*Dans sa requête, Delly Sessanga veut obtenir de la Cour Constitutionnelle qu’elle ordonne à la CENI, de procéder à la mise à jour du fichier électoral, en procédant à l’identification et à l’enrôlement des jeunes se retrouvant dans la tranche d’âge 18-20 ans à ce jour. Certaines figures couronnées de l’Opposition seraient, eux aussi, prêts à œuvre contre la réalisation du calendrier global tant qu’aucun consensus, ni compromis n’a été trouvé entre les parties prenantes, conformément à l’Accord-cadre mais surtout, à la résolution 2211 du Conseil de Sécurité de l’Onu.
En dépit du lancement par la CENI de l’opération de dépôt des candidatures aux élections provinciales hier, mercredi 15 avril 2015, le débat sur la révision du fichier électoral est loin d’être clos. Il ne fait, d’ailleurs, que commencer.

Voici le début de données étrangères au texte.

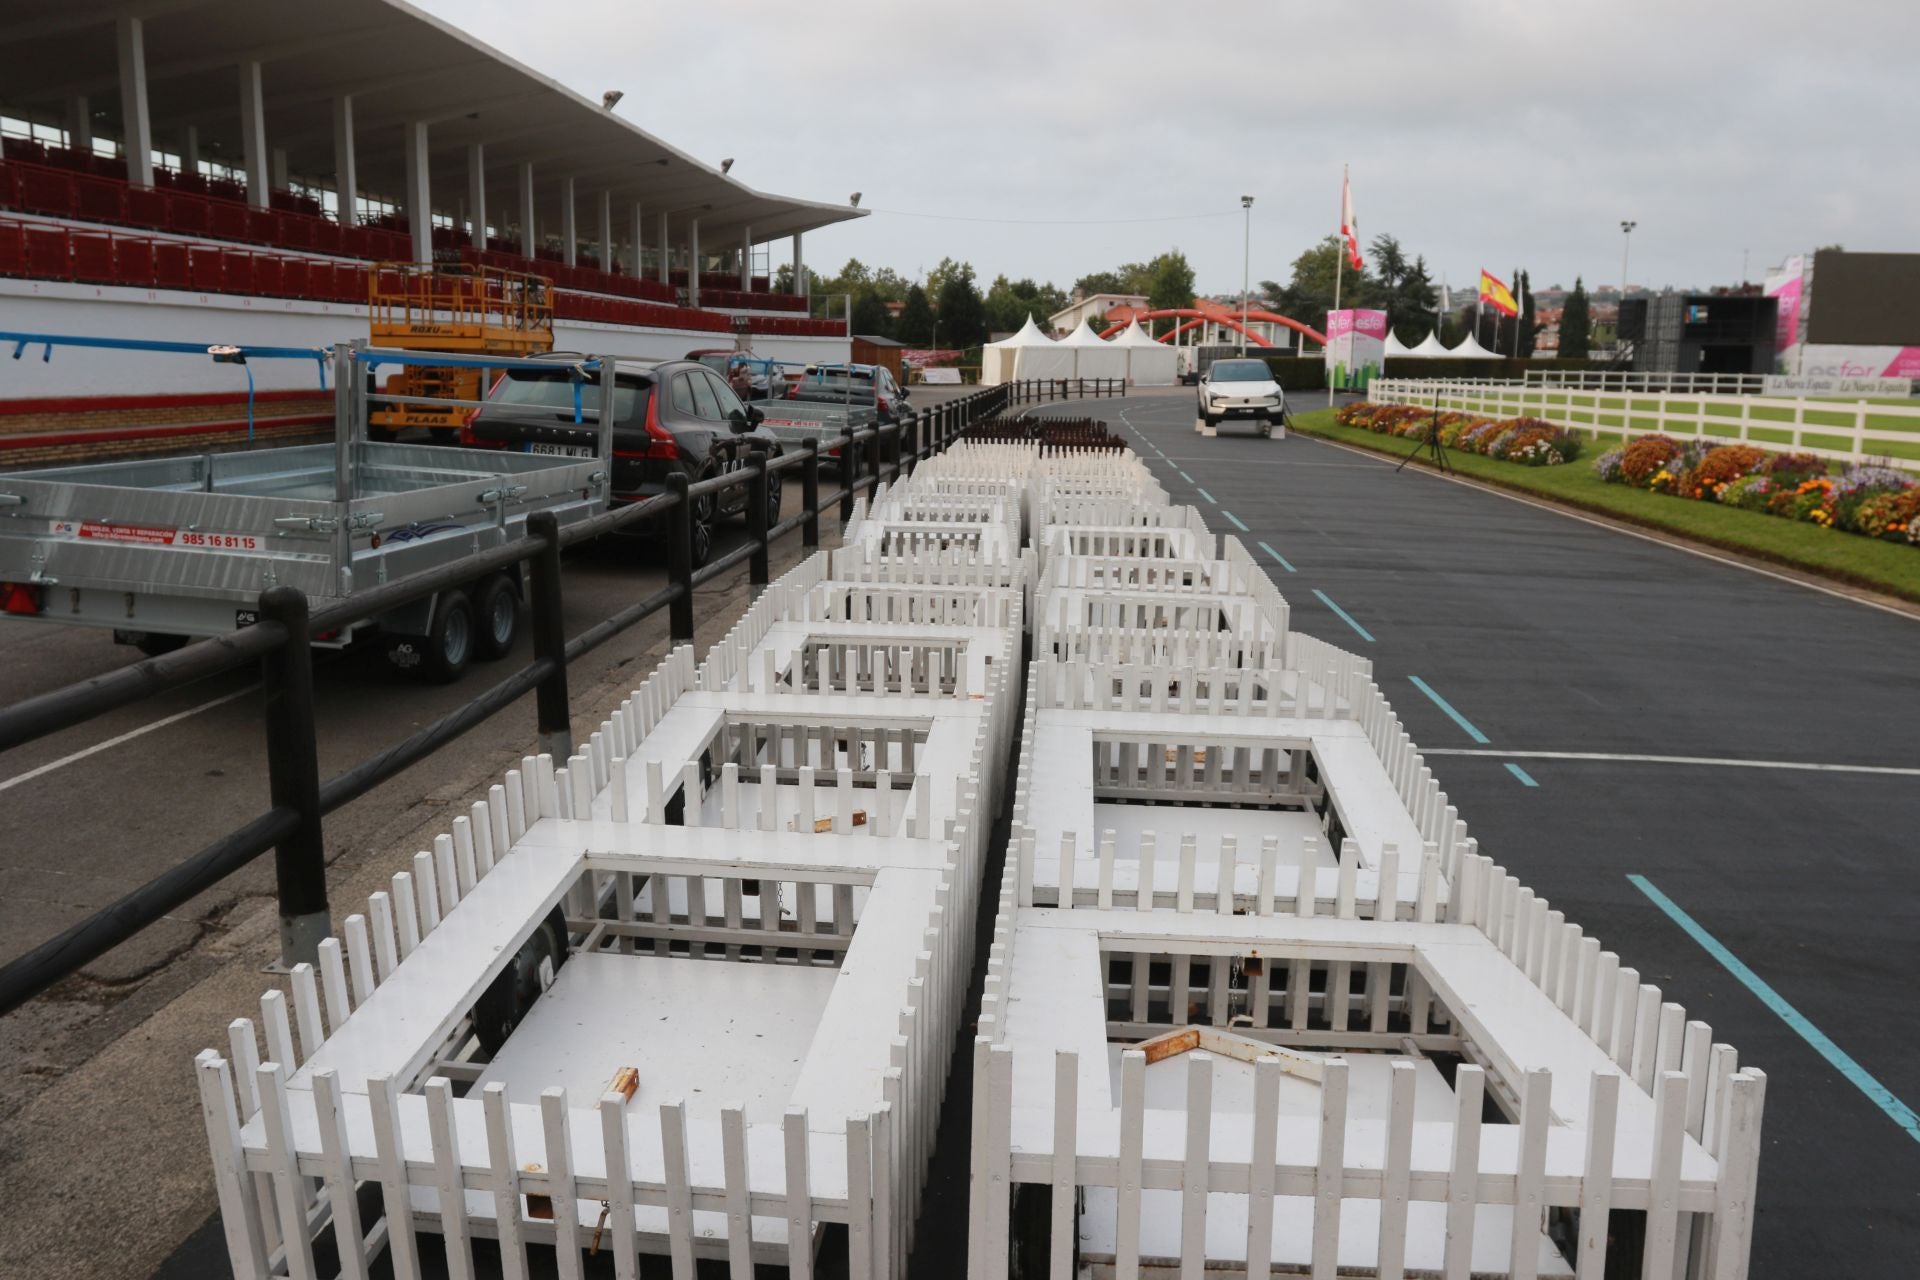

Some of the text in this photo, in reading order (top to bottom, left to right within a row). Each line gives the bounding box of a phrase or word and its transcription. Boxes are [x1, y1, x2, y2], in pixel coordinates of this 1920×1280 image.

[1329, 315, 1352, 329] efer
[410, 325, 440, 334] ROXU
[406, 415, 448, 424] PLAAS
[533, 444, 561, 456] 6681
[182, 534, 256, 549] 985 16 81 15
[397, 643, 413, 654] AG

Des personnalités de l’Opposition exigent la réouverture des opérations d’enrôlement des électeurs pour prendre en compte les nouveaux majeurs, dont le nombre est évalué à environ 10 millions de personnes. La dernière Résolution du Conseil de Sécurité, qui renouvelle le mandat de la Monusco, recommande au Gouvernement, à l’Opposition et à tous les partenaires électoraux de trouver un compromis sur la constitution du fichier électoral, ainsi que le budget des élections. Dans la journée d’hier, mercredi 15 avril, l’Envoyé spécial du Secrétaire général de l’ONU, Saïd Djinnit, est descendu au siège de la CENI pour vérifier l’application des recommandations contenues dans la Résolution du Conseil de Sécurité. Tout soutien technique et logistique de la Monusco à la CENI est conditionné par un avis de conformité du processus électoral aux règles de transparence et de crédibilité. Quel rapport va faire la Monusco à cette étape du processus électoral ?

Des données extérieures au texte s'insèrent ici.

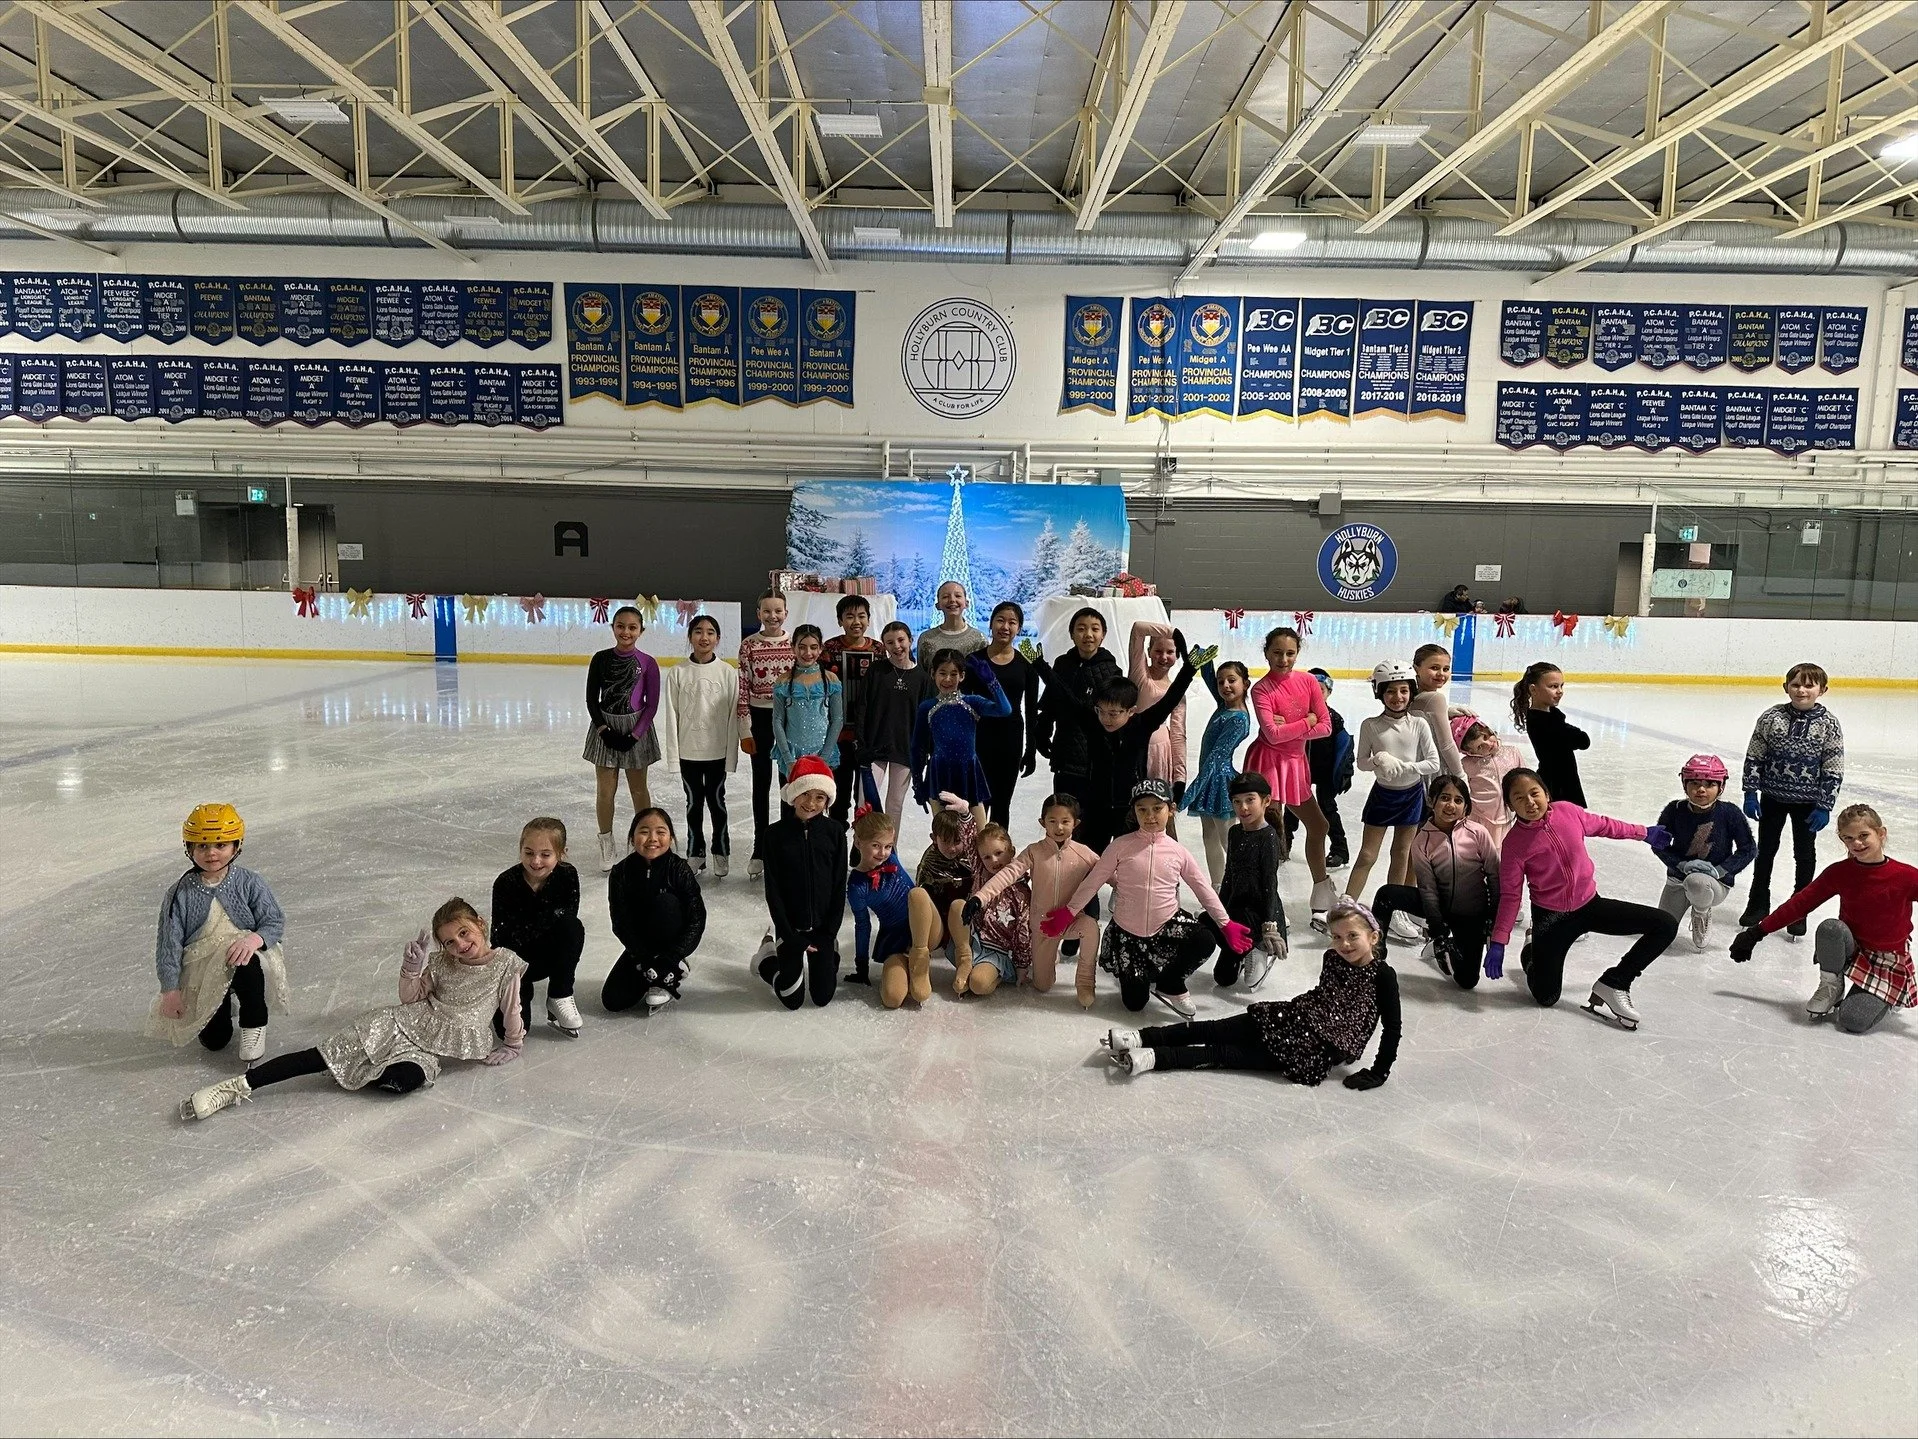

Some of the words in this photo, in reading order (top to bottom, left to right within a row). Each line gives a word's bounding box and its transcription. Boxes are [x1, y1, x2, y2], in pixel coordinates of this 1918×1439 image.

[14, 278, 50, 286] P.C.A.H.A.
[56, 278, 93, 287] P.C.A.H.A.
[103, 280, 140, 288] P.C.A.H.A.
[148, 281, 184, 290] P.C.A.H.A.
[284, 284, 320, 292] P.C.A.H.A.
[376, 286, 412, 294] P.C.A.H.A.
[422, 286, 458, 294] P.C.A.H.A.
[1507, 306, 1542, 314] P.C.A.H.A.
[1552, 308, 1588, 316] P.C.A.H.A.
[1689, 310, 1724, 318] P.C.A.H.A.
[1247, 309, 1294, 331] BC
[1364, 309, 1410, 329] BC
[1422, 310, 1468, 331] BC
[1736, 312, 1771, 320] P.C.A.H.A.
[1826, 312, 1862, 320] P.C.A.H.A.
[1307, 314, 1354, 336] BC
[910, 310, 948, 360] HOLLYBURN
[952, 308, 998, 333] COUNTRY
[996, 336, 1008, 362] CLUB
[576, 342, 604, 351] Bantam
[607, 342, 612, 351] A
[634, 342, 662, 352] Bantam
[665, 342, 670, 352] A
[694, 345, 721, 354] Bantam
[724, 346, 730, 354] A
[751, 346, 764, 356] Pee
[768, 347, 782, 356] Wee
[784, 348, 790, 356] A
[1248, 344, 1260, 352] Pee
[1263, 344, 1278, 352] Wee
[1281, 344, 1291, 353] AA
[1362, 344, 1386, 352] Bantam
[1389, 344, 1402, 352] Tier
[1404, 344, 1408, 352] 2
[1422, 345, 1442, 356] Midget
[1444, 346, 1456, 354] Tier
[1458, 346, 1461, 354] 2
[810, 348, 834, 358] Bantam
[837, 349, 842, 358] A
[1304, 346, 1328, 357] Midget
[1330, 348, 1344, 356] Tier
[571, 354, 619, 363] PROVINCIAL
[631, 355, 678, 364] PROVINCIAL
[688, 358, 736, 368] PROVINCIAL
[1072, 356, 1100, 366] Midget
[1166, 356, 1172, 364] A
[1190, 356, 1217, 364] Midget
[21, 360, 57, 368] P.C.A.H.A.
[66, 360, 102, 368] P.C.A.H.A.
[112, 361, 148, 370] P.C.A.H.A.
[158, 362, 194, 370] P.C.A.H.A.
[204, 363, 239, 371] P.C.A.H.A.
[571, 364, 620, 373] CHAMPIONS
[746, 360, 794, 370] PROVINCIAL
[803, 362, 849, 370] PROVINCIAL
[339, 366, 376, 374] P.C.A.H.A.
[384, 368, 420, 376] P.C.A.H.A.
[430, 368, 466, 376] P.C.A.H.A.
[474, 368, 511, 377] P.C.A.H.A.
[631, 364, 679, 374] CHAMPIONS
[690, 368, 736, 376] CHAMPIONS
[1068, 368, 1115, 378] PROVINCIAL
[1183, 368, 1232, 376] PROVINCIAL
[1301, 369, 1350, 378] CHAMPIONS
[520, 370, 557, 378] P.C.A.H.A.
[746, 370, 794, 378] CHAMPIONS
[802, 371, 849, 380] CHAMPIONS
[1242, 370, 1292, 378] CHAMPIONS
[1416, 372, 1465, 382] CHAMPIONS
[574, 376, 618, 386] 1993-1994
[632, 380, 678, 390] 1994-1995
[690, 378, 735, 388] 1995-1996
[1068, 377, 1116, 387] CHAMPIONS
[1132, 378, 1177, 386] CHAMPIONS
[1182, 376, 1232, 385] CHAMPIONS
[748, 383, 794, 391] 1999-2000
[803, 384, 848, 392] 1999-2000
[1068, 391, 1112, 400] 999-2000
[1242, 392, 1291, 400] 2005-2006
[1301, 388, 1346, 397] 2008-2009
[1361, 392, 1404, 400] 2017-2018
[1183, 394, 1230, 402] 2001-2002
[1416, 393, 1462, 402] 2018-2019
[938, 400, 954, 408] CLUB
[971, 398, 984, 407] LIFE
[554, 521, 588, 556] A
[1334, 526, 1385, 544] HOLLYBURN
[1337, 586, 1374, 600] HUSKIES
[1132, 780, 1166, 798] PARIS

La question reste posée. Seulement, le tout nouveau Porte-parole de la Monusco, Félix Prosper Bass, a été présenté à la presse. Le sortant Charles Antoine Bambara, qui tenait sa dernière conférence de presse au nom de la Monusco, a souligné que les législatives nationales et la présidentielle de 2016 sont la principale priorité de l’ONU en RDC.

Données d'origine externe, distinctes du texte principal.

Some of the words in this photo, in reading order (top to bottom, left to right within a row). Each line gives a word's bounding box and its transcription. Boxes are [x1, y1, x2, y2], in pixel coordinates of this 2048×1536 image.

Pendant ce temps, à l’Assemblée nationale, la plénière consacrée à la question orale avec débat adressée par le Député Christophe Lutundula au Vice-Premier Ministre et Ministre de l’Intérieur, Evariste Boshab, vient d’être reportée sine die. L’auteur de la question orale veut obtenir des réponses claires et précises sur l’applicabilité du calendrier électoral et, surtout, l’installation de nouvelles provinces, ainsi que le découpage territorial.
Du travail dans les BRTC
En fin de soirée, la CENI a dressé le bilan de la première journée de l’opération de retrait des formulaires des provinciales. On a parlé d’une dizaine des partis ayant déjà procédé au retrait des formulaires. Pour ce qui concerne les candidatures des locales, l’opération débutera le 26 mai prochain. Voici que les politiciens partagés entre le boycott et la participation aux élections, en attendant, bien sûr, le verdict de la Cour Constitutionnelle.
La Pros.
REQUETE EN INCONSTITUTIONNALITE
(Violation de l’article 5 de la constitution)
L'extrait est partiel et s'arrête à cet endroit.